◆ Provided information ◆
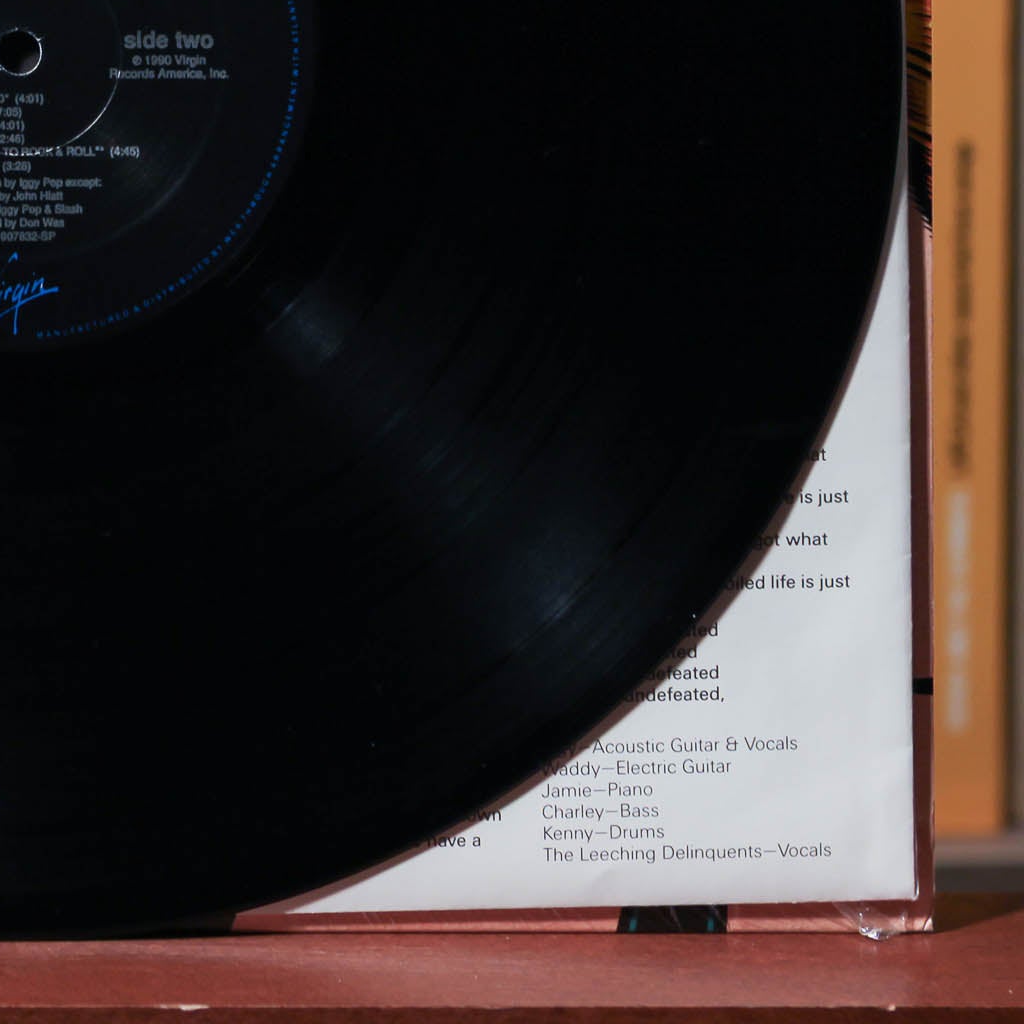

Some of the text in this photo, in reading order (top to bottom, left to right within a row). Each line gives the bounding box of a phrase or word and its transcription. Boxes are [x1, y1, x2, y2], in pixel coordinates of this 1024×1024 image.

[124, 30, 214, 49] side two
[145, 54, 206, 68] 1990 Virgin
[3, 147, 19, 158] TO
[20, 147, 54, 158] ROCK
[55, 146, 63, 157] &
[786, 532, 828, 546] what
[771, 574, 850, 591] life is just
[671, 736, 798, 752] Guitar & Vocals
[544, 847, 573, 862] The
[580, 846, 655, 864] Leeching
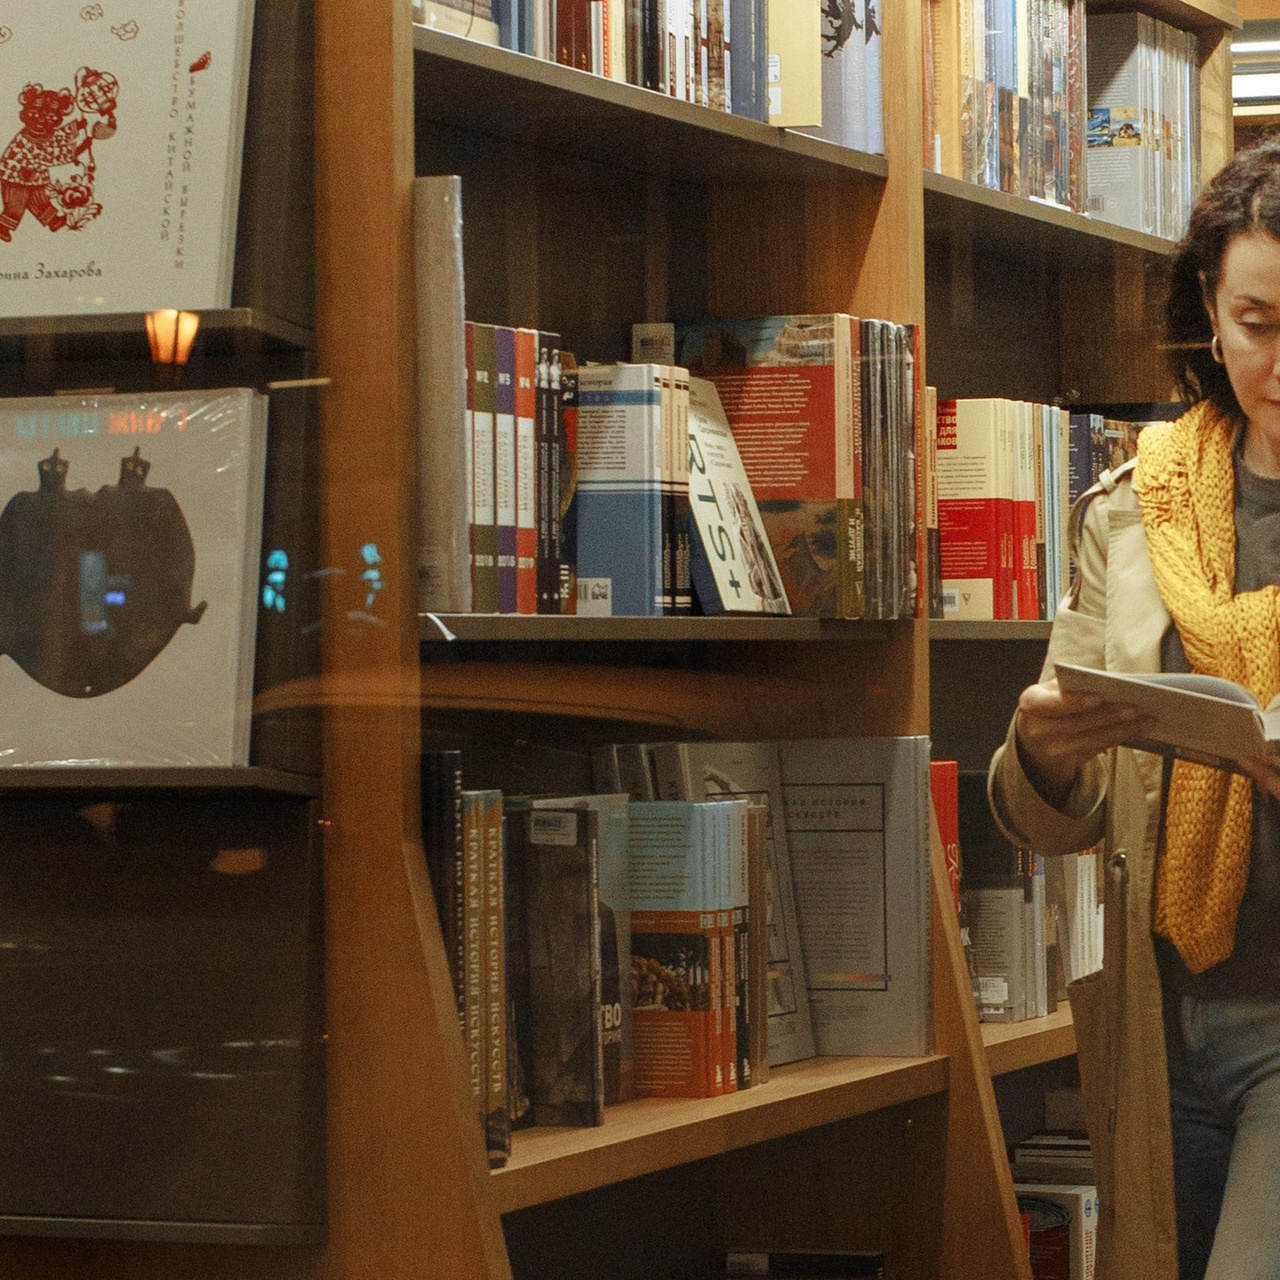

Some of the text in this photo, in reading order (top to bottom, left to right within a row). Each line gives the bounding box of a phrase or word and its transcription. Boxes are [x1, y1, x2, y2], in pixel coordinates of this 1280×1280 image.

◆ Task requirements ◆
In your copy, reproduce the data above exactly and skip every picture.

◆ The answer ◆
Some of the text in this photo, in reading order (top to bottom, left to right within a row). Each line gives the bounding box of a phrase or word and its transcription. Boxes are [x1, y1, x2, y2], in pixel coordinates of this 1024×1024 image.

[124, 30, 214, 49] side two
[145, 54, 206, 68] 1990 Virgin
[3, 147, 19, 158] TO
[20, 147, 54, 158] ROCK
[55, 146, 63, 157] &
[786, 532, 828, 546] what
[771, 574, 850, 591] life is just
[671, 736, 798, 752] Guitar & Vocals
[544, 847, 573, 862] The
[580, 846, 655, 864] Leeching

Some of the text in this photo, in reading order (top to bottom, left to right within a row). Each line gives the bounding box of a phrase or word and its transcription. Boxes are [x1, y1, x2, y2], in pixel coordinates of this 1280×1280 image.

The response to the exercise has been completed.